En cent ans ce mouvement se répandit, avec un ensemble frappant, dans toute l’Europe, — par imitation, remarquez-le bien, englobant l’Écosse, la France, les Pays-Bas, la Scandinavie, l’Allemagne, l’Italie et la Pologne, la Russie. Et quand nous comparons aujourd’hui les chartes et l’organisation intérieure des communes françaises, anglaises, écossaises, néerlandaises, scandinaves, allemandes, polonaises, russes, suisses, italiennes ou espagnoles, nous sommes frappés par la presque identité de ces chartes et de l’organisation qui grandit à l’abri de ces « contrats sociaux ». Quelle leçon frappante pour les romanistes et les hégéliens qui ne connaissent d’autre moyen, pour obtenir la similarité dans les institutions, que la servitude devant la loi !

De l’Atlantique jusqu’au cours moyen du Volga, et de la Norvège à l’Italie, l’Europe se couvrait de pareilles communes — les unes devenant des cités populeuses comme Florence, Venise, Nuremberg ou Novgorod, les autres restant des bourgades d’une centaine ou même d’une vingtaine de familles, et néanmoins traitées en égales par leurs sœurs plus prospères.

Organismes pleins de sève, les communes se différenciaient évidemment dans leur évolution. La position géographique, le caractère du commerce extérieur, les résistances à vaincre au dehors, donnaient à chaque commune son histoire. Mais pour toutes le principe est le même.
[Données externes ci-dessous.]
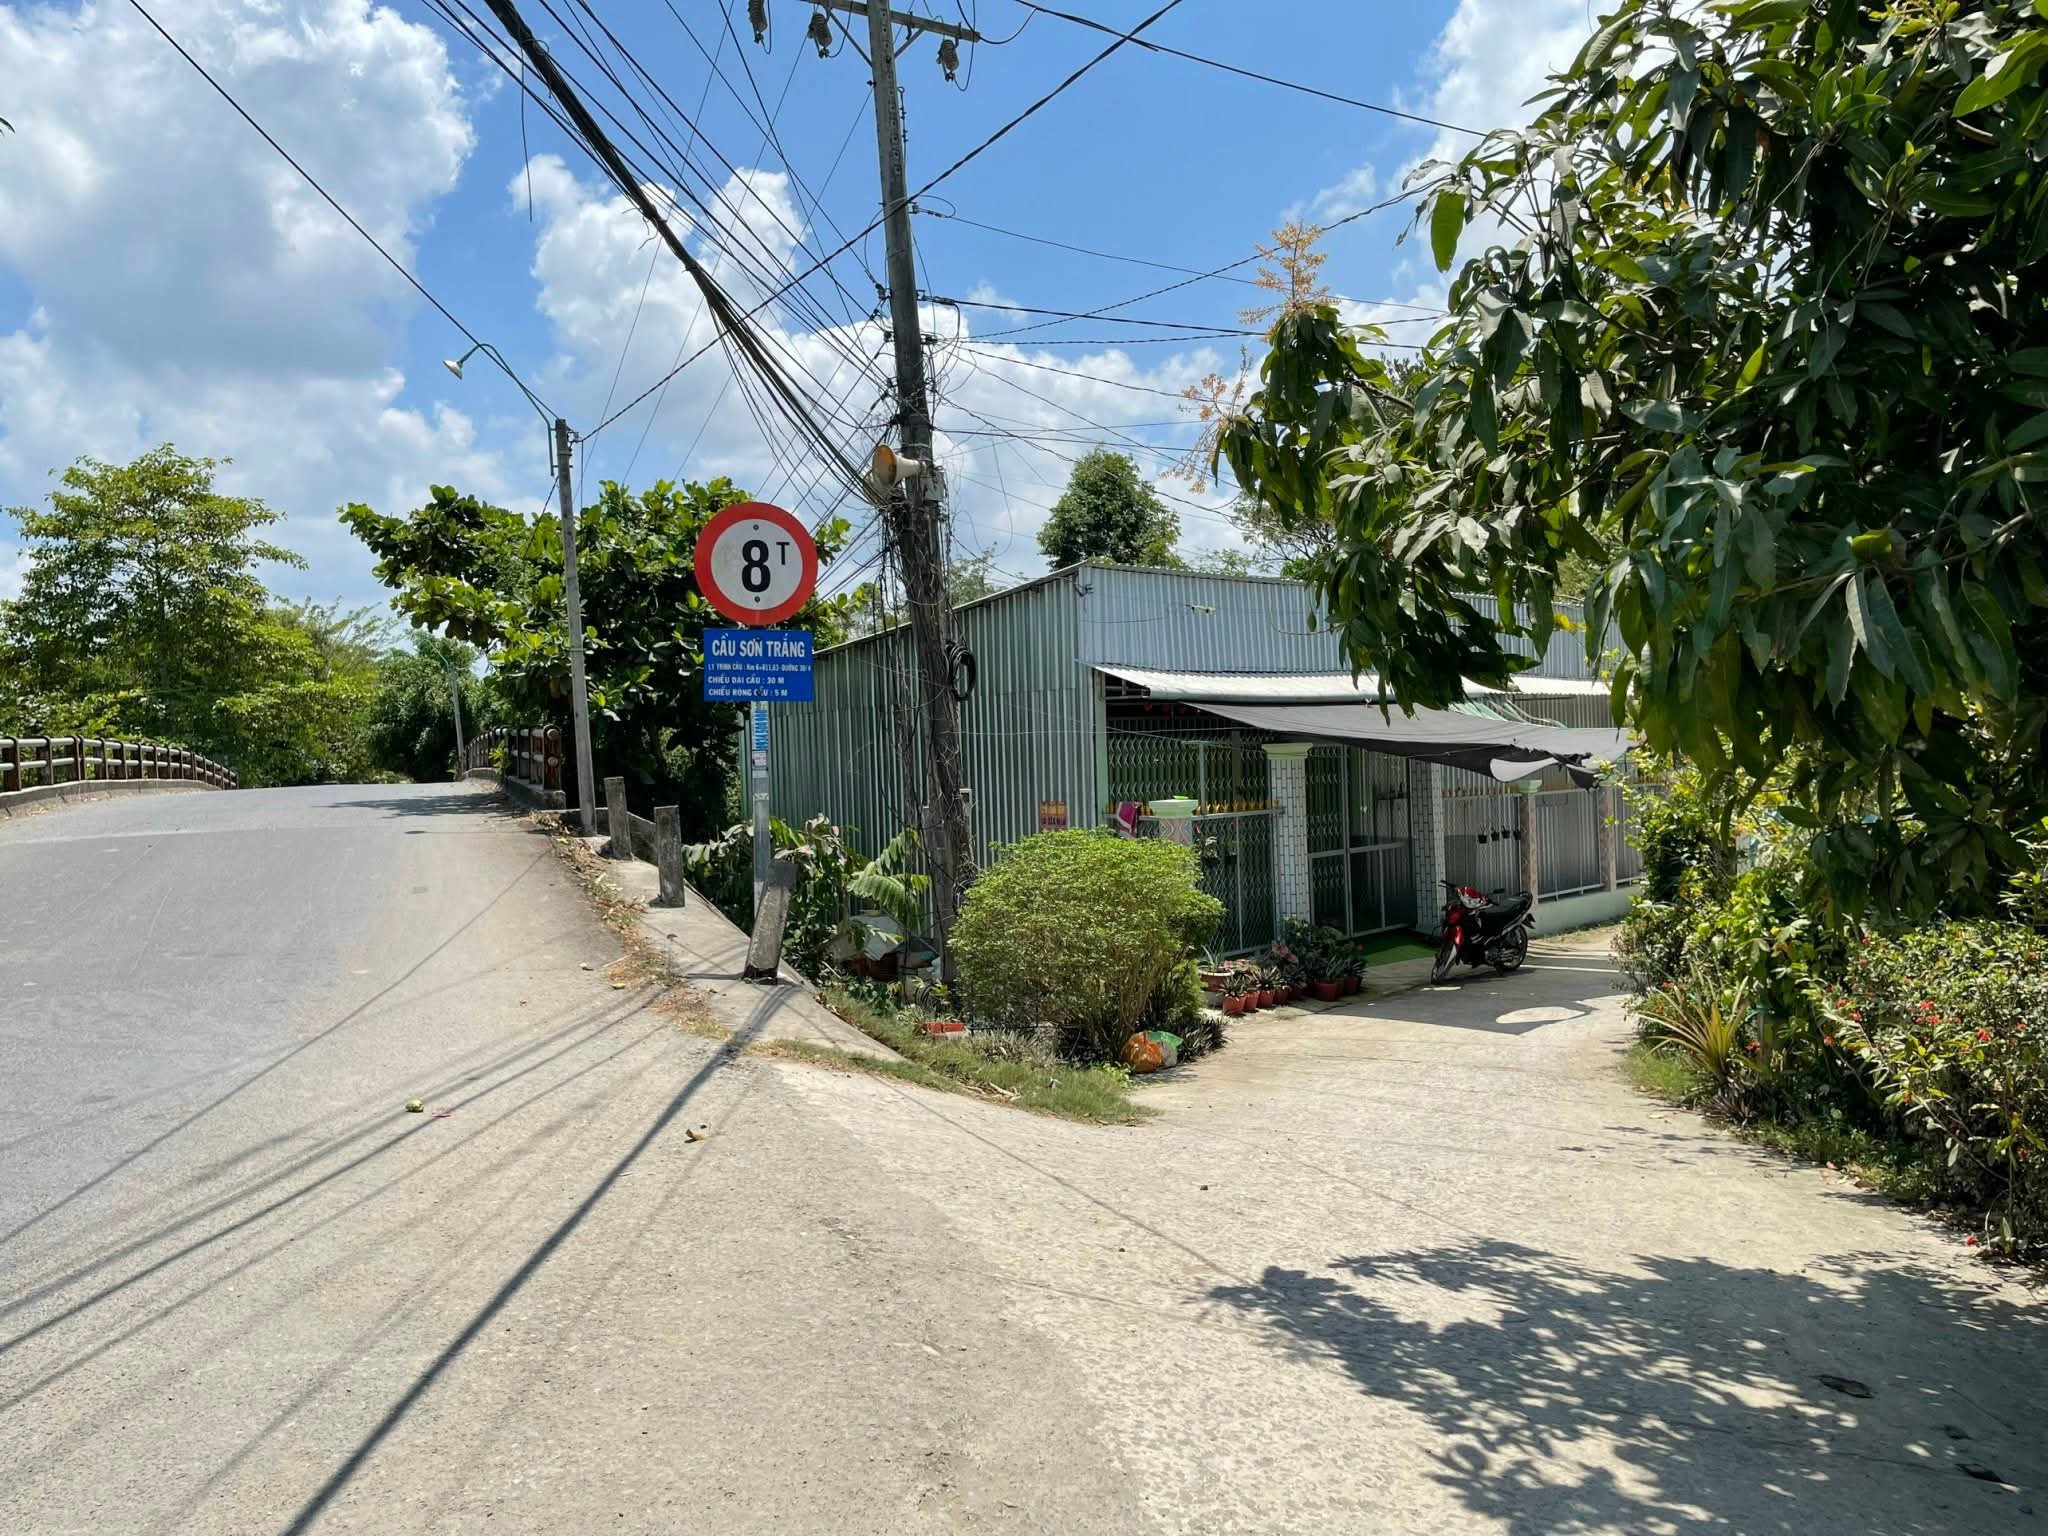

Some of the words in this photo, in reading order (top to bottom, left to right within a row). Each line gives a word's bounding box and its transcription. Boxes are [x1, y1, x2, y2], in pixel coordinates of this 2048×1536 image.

Pskov en Russie et Bruges en Hollande, un bourg écossais de trois cents habitants et la riche Venise avec ses îles, une bourgade du nord de la France ou de la Pologne et Florence la Belle représentent la même amitas : la même amitié des communes de village et des guildes associées ; leur constitution, dans ses traits généraux, est la même.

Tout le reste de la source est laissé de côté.